A log2 transformation is commonly used to normalize data and reduce skewness, especially in datasets with values spanning several orders of magnitude. Many biological data, like gene expression counts, tend to have a highly skewed distribution with a long tail of large values. The log2 transformation helps:

  • Stabilize variance – Makes data with large differences more comparable.
  • Handle ratios – Converts multiplicative relationships into additive ones, simplifying interpretation.
  • Improve normality – Makes the data distribution closer to normal, which is often required for statistical tests.
plot(
  x = counts[["WT.2"]], y = log2(counts[["WT.2"]]),
  xlab = "Original Scale", ylab = "log2 Scale",
  main = "Gene expression for the sample WT.2"
)
abline(v = 256, col = "red", lty = 2) # Add vertical line 
abline(h = 8, col = "red", lty = 2) # Add horizontal line
text(x = 500, y = 7, labels = expression(2^8 == 256)) # Add equation

Re draw the histogram with the log2 transformed data, what does the distribution look like now?
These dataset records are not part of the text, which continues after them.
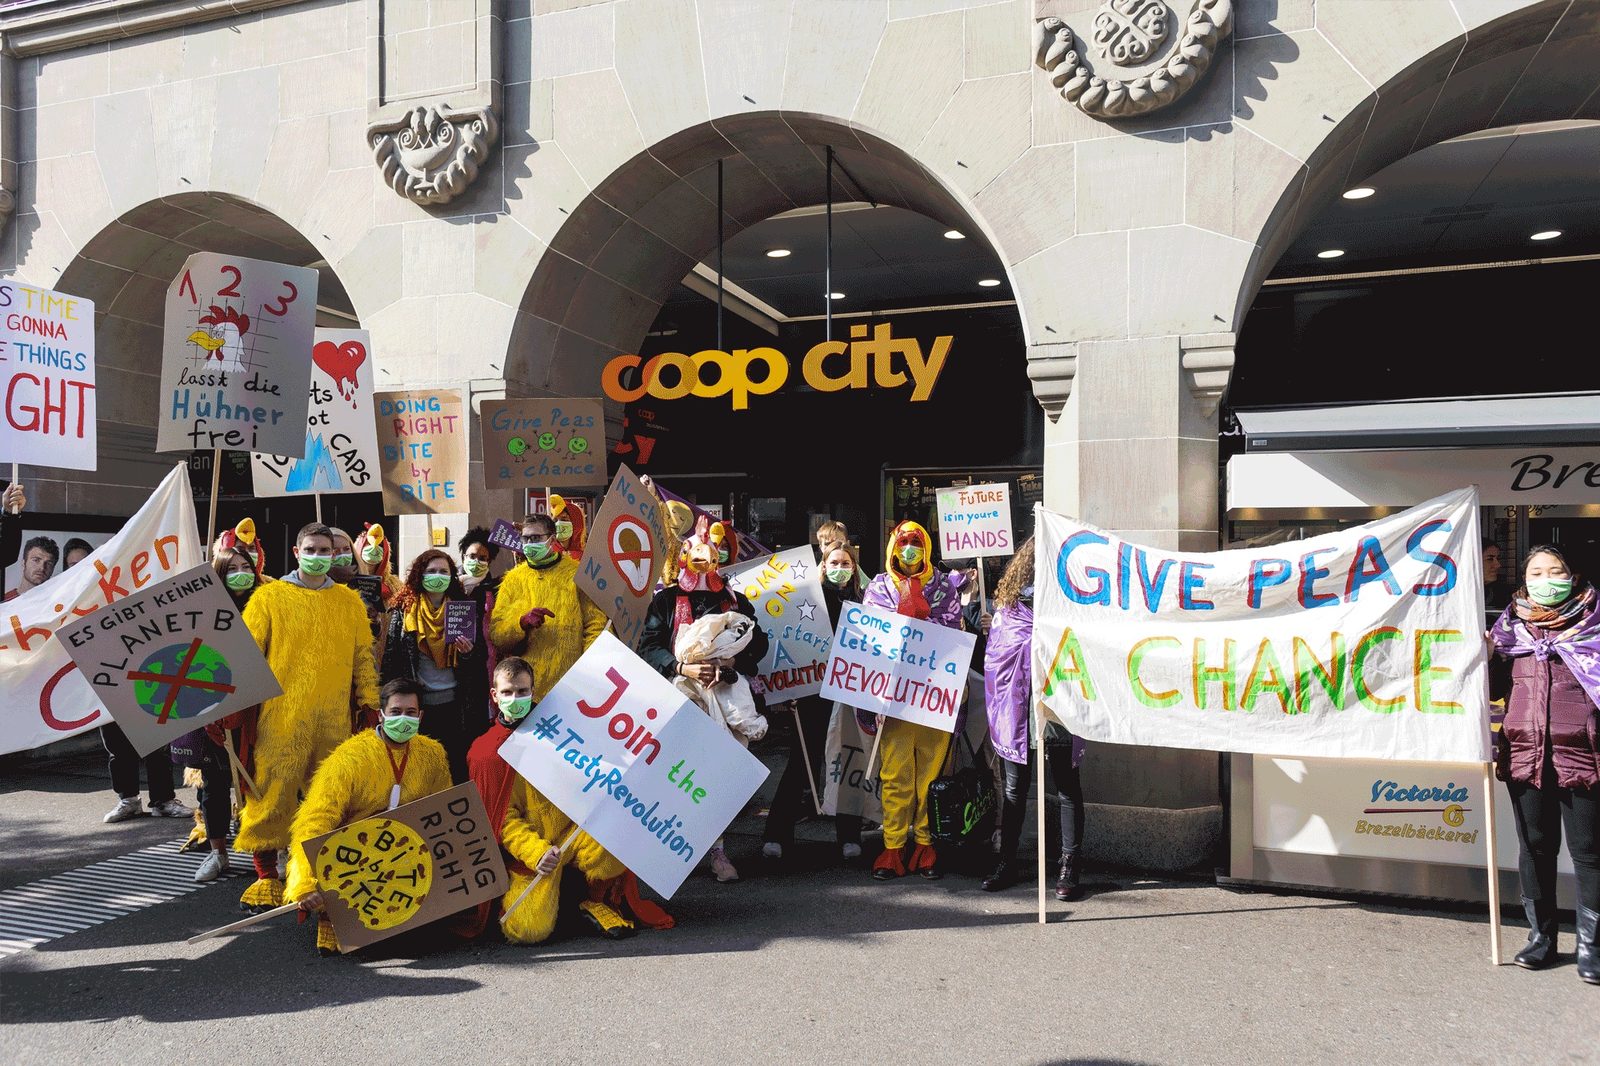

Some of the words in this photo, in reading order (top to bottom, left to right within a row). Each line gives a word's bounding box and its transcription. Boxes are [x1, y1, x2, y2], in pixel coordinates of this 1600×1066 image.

[217, 265, 242, 297] 2
[264, 280, 298, 316] 3
[7, 314, 68, 341] GONNA
[177, 367, 227, 387] lasst
[244, 372, 281, 396] die
[602, 347, 789, 411] coop
[802, 322, 954, 402] city
[172, 388, 283, 425] Hühner
[491, 408, 542, 432] Give
[551, 407, 594, 427] Peas
[188, 419, 259, 449] frei
[330, 433, 371, 487] CAPS
[499, 467, 512, 479] a
[524, 457, 594, 478] chance
[616, 475, 635, 505] No
[944, 513, 952, 522] is
[954, 512, 964, 521] in
[966, 510, 999, 525] youre
[946, 530, 1008, 551] HANDS
[584, 556, 607, 590] No
[744, 553, 789, 601] OME
[1057, 529, 1216, 613] GIVE
[1246, 518, 1458, 609] PEAS
[765, 581, 798, 618] ON
[69, 625, 95, 648] ES
[782, 623, 831, 653] start
[846, 607, 892, 633] Come
[900, 626, 924, 642] on
[93, 611, 203, 687] PLANET
[213, 609, 235, 631] B
[772, 639, 796, 669] A
[887, 641, 936, 670] start
[945, 662, 956, 675] a
[1042, 625, 1097, 701] A
[1127, 625, 1465, 714] CHANCE
[576, 666, 661, 765] Join
[667, 759, 708, 804] the
[1371, 780, 1469, 802] Victoria
[1355, 820, 1479, 844] Brezelbäckerei
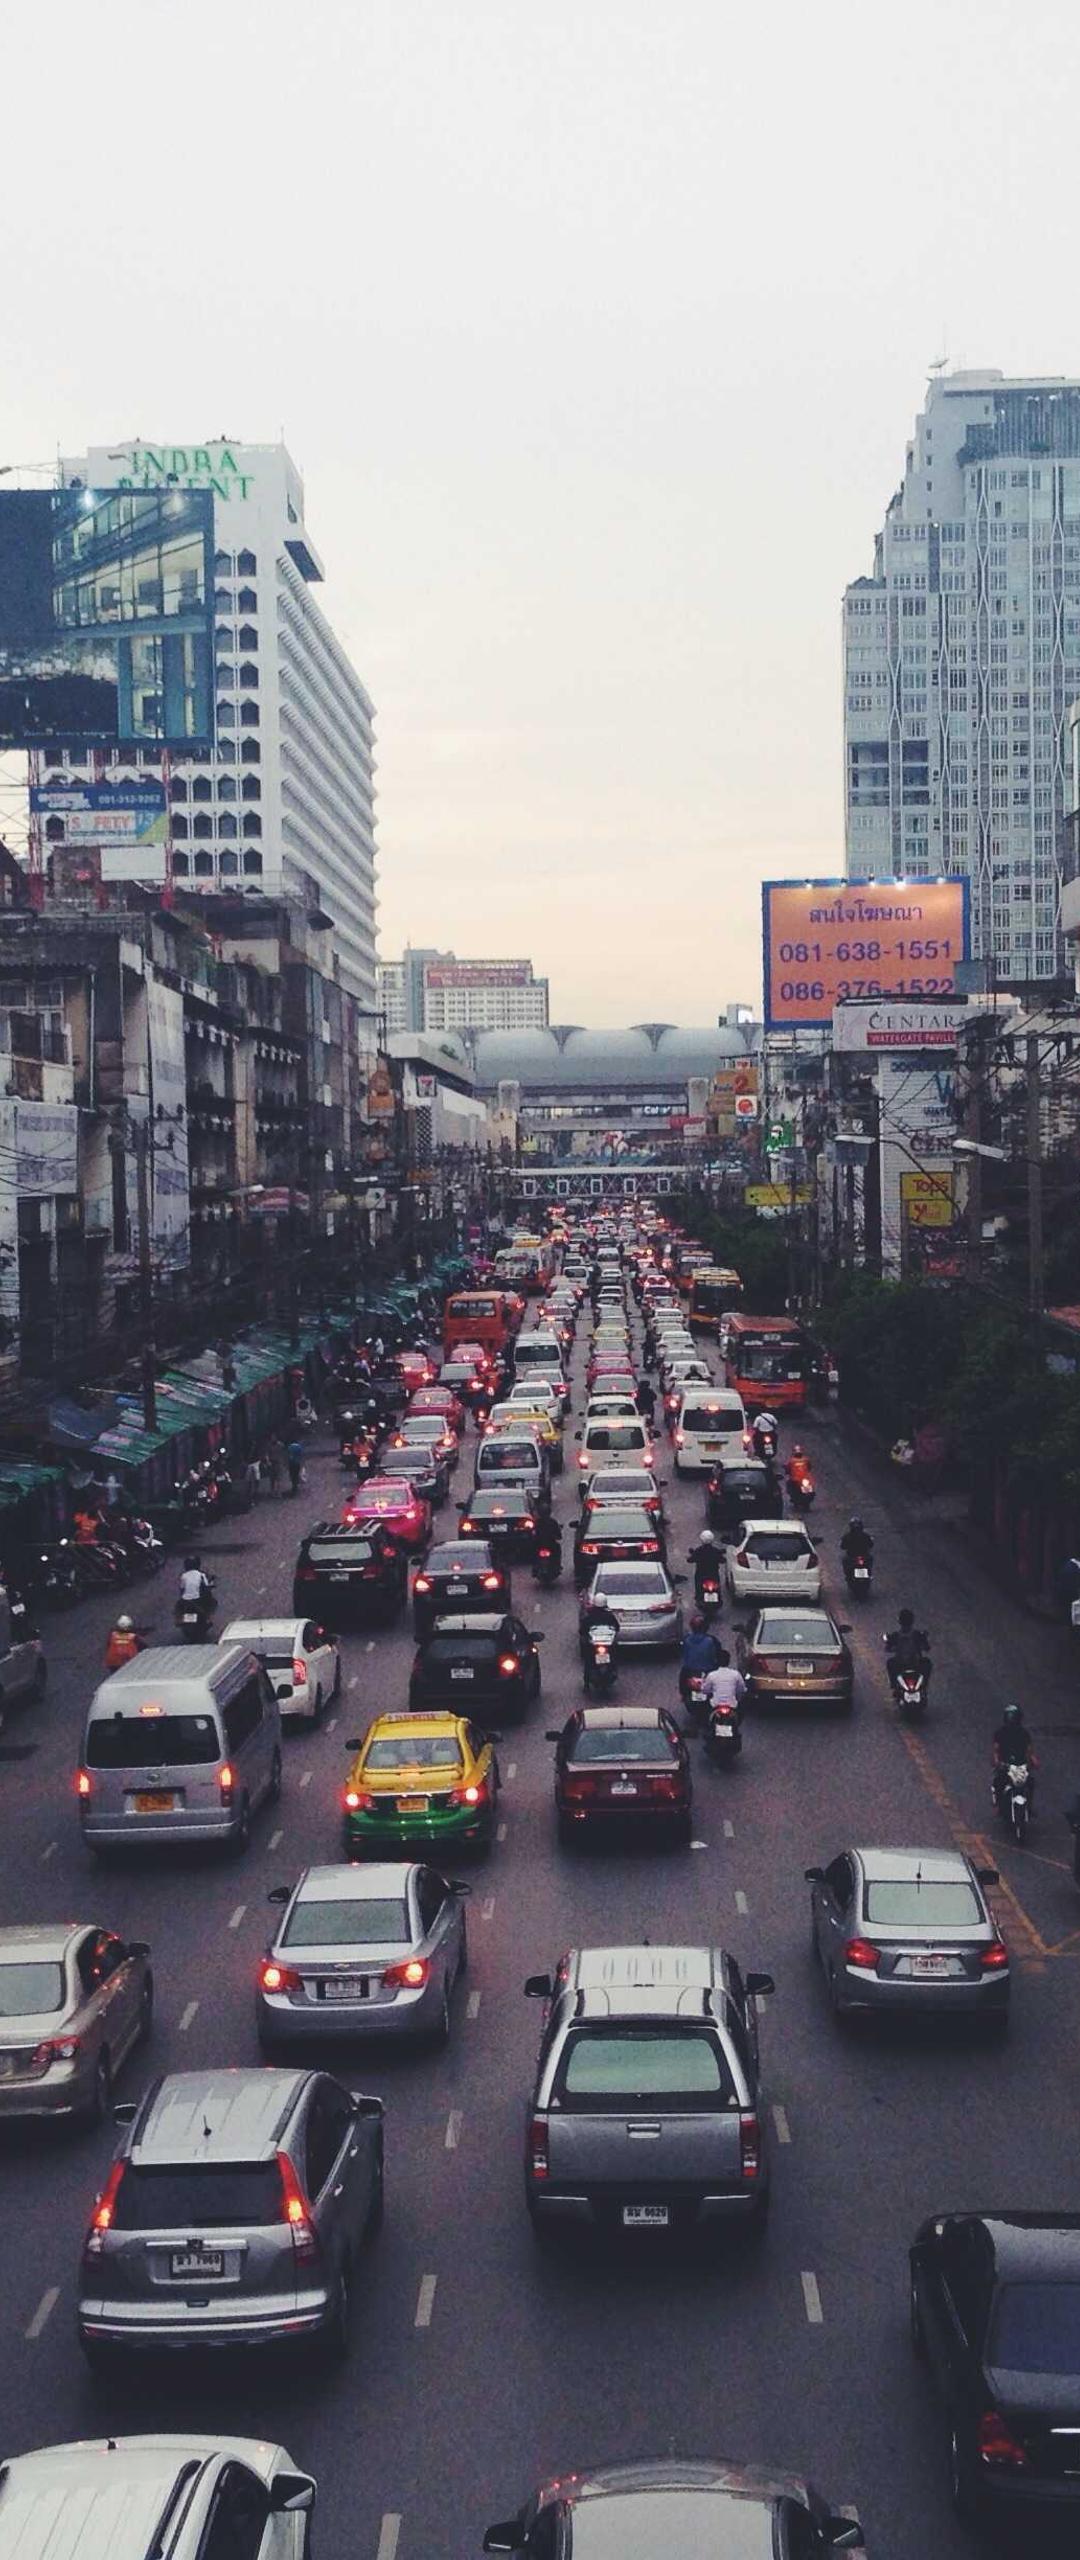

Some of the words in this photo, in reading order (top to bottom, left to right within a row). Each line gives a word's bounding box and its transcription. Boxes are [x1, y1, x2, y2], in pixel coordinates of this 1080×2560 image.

[131, 450, 238, 475] INDRA
[809, 899, 923, 924] สนใจโฆษณา
[779, 940, 952, 963] 081-638-1551
[780, 978, 954, 1001] 086-376-1522
hist(log2(counts[["WT.2"]]))

Get Your First Quarto Report

Create a new Quarto document (File -> New File -> Quarto Document), write all codes above and your observation for the questions in the document. Then click the “Render” to generate your own report!
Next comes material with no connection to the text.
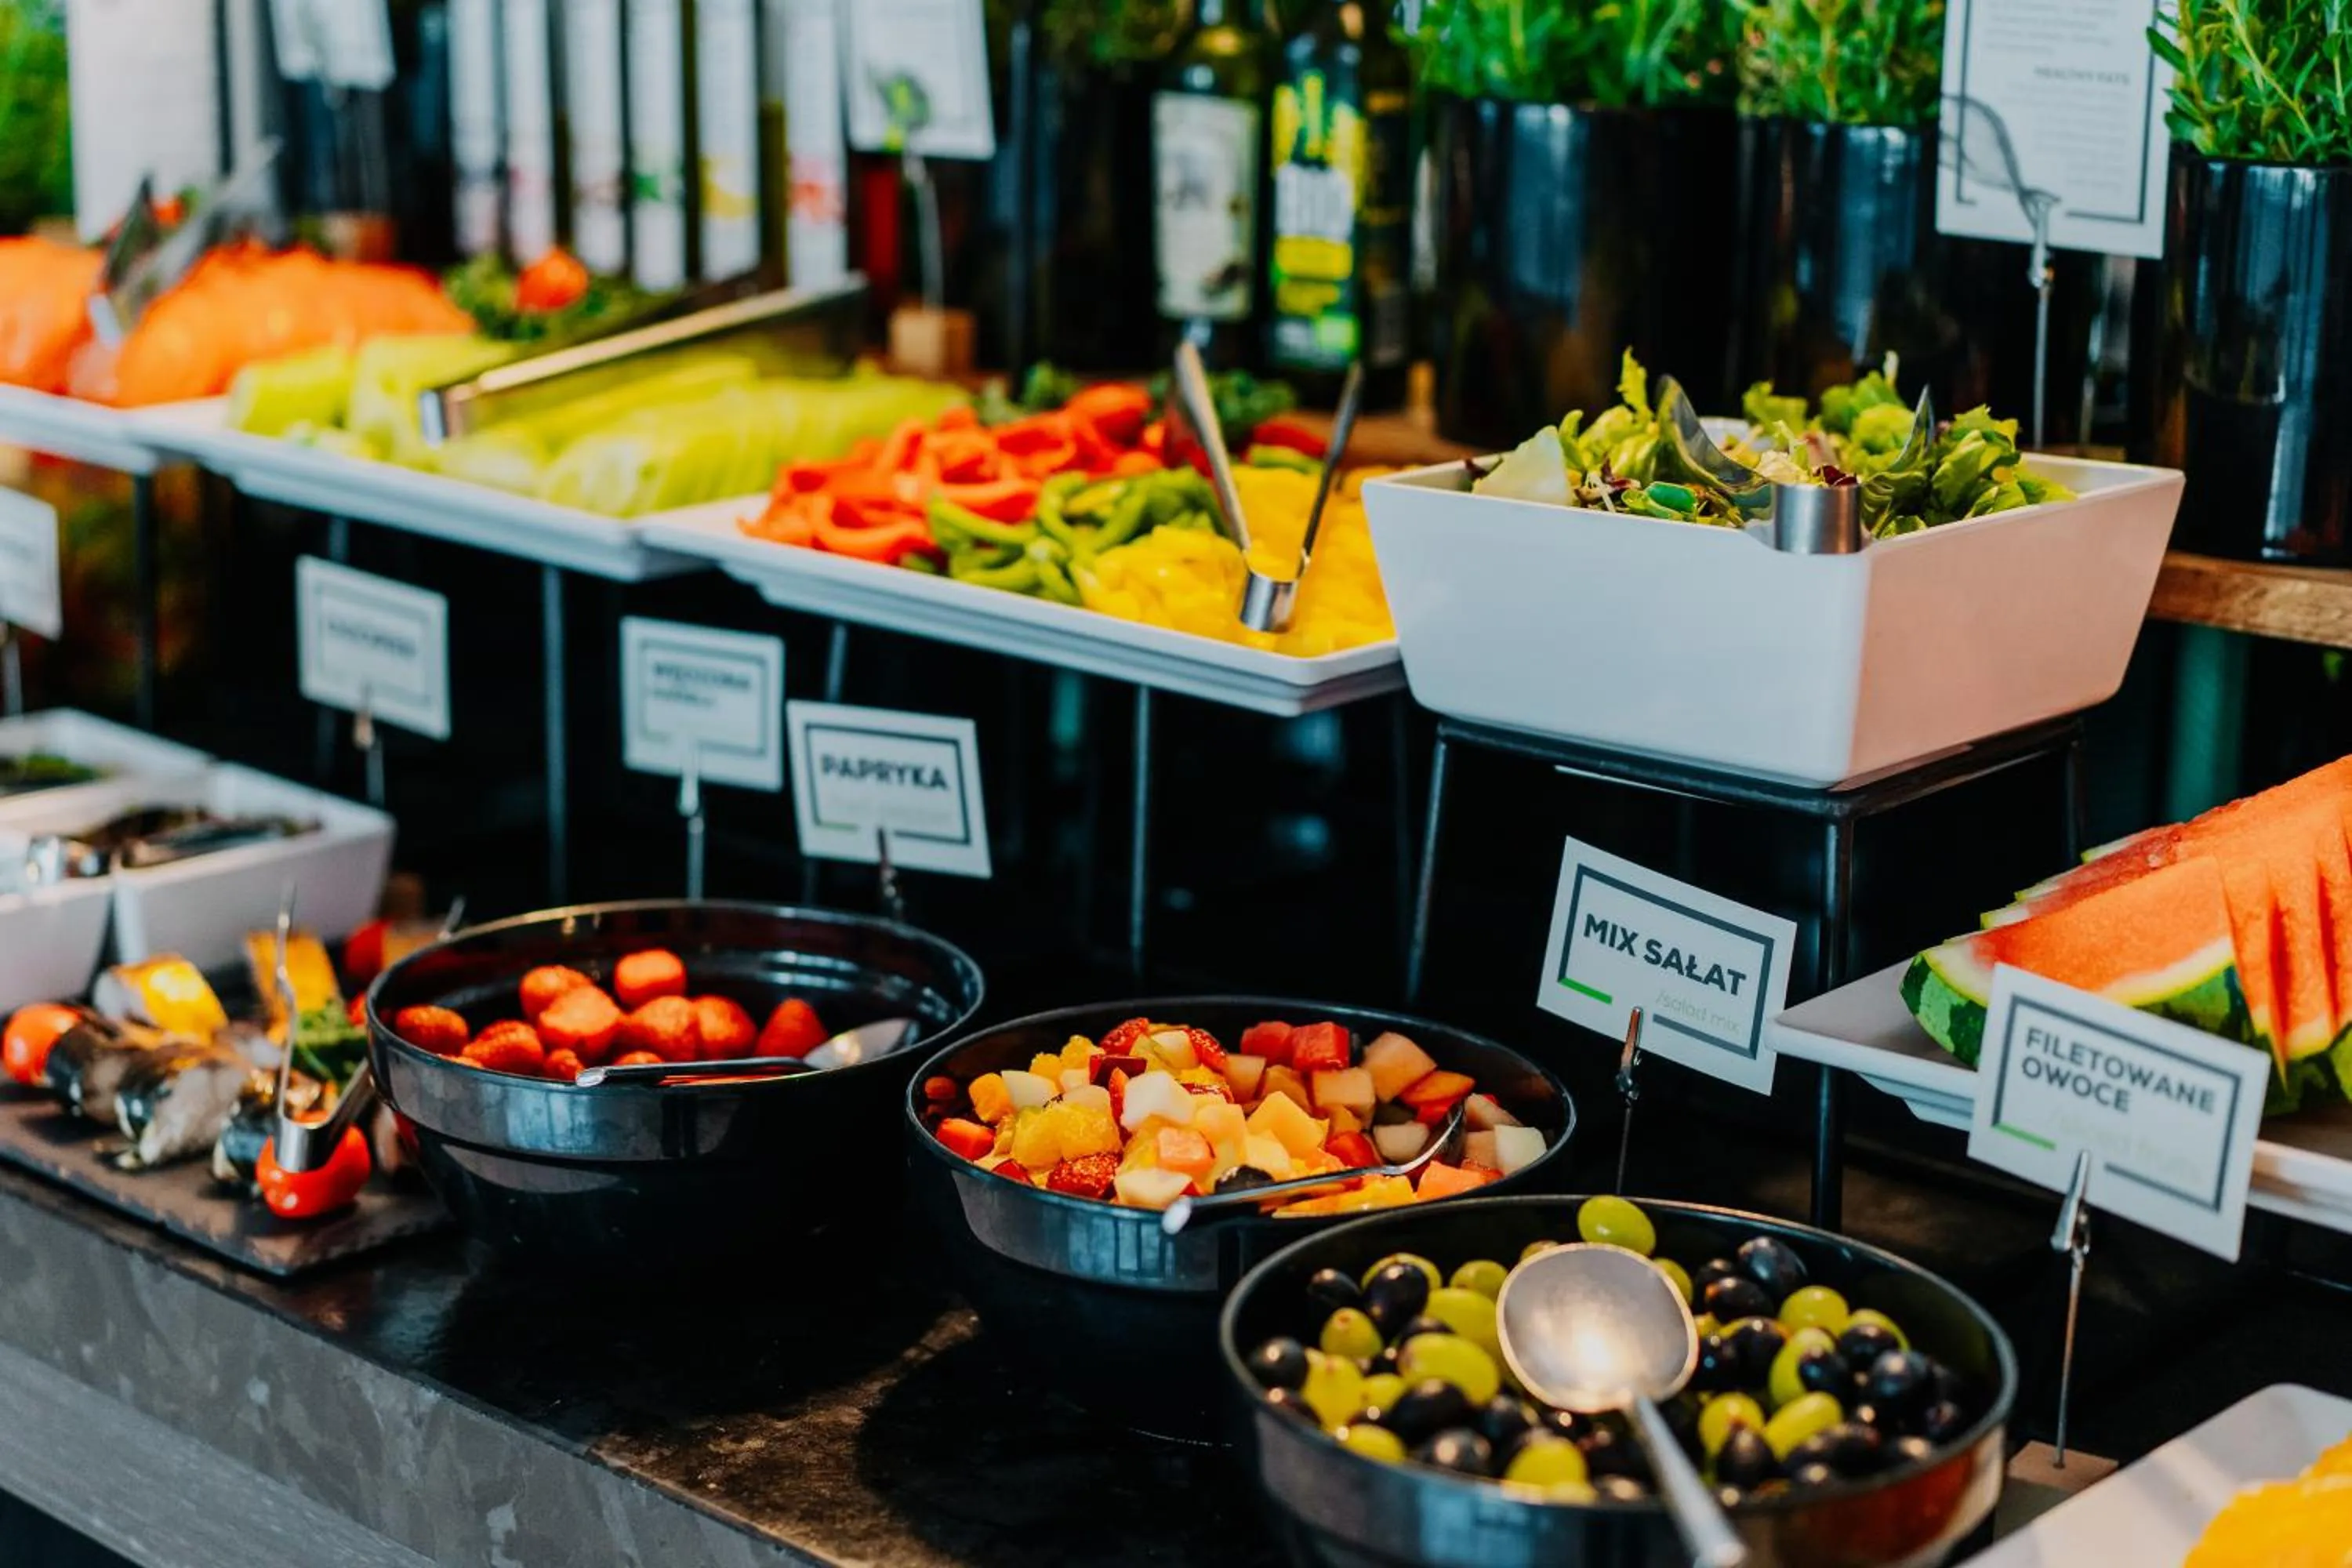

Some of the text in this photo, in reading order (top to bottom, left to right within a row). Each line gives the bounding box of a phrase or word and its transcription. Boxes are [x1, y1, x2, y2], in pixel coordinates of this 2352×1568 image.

[821, 754, 948, 790] PAPRYKA
[1584, 913, 1747, 996] MIX SAŁAT
[2021, 1056, 2132, 1112] OWOCE
[2025, 1027, 2217, 1114] FILETOWANE
  • Change something in your script Quarto and re-render it, is the report up-to-date?

To go further:

  • Where is your report stored?
  • What should you do if you want the report be stored in a specified folder? => use a configuration file for Quarto.

Open a new text file and copy paste following code, save it as _quarto.yml in your project folder.

project:
  output-dir: outputs/

Try “Render” again, now where is your report?


Good job! 👏👏 You’ve taken your first big steps into R, and you’re off to a great start, keep it up!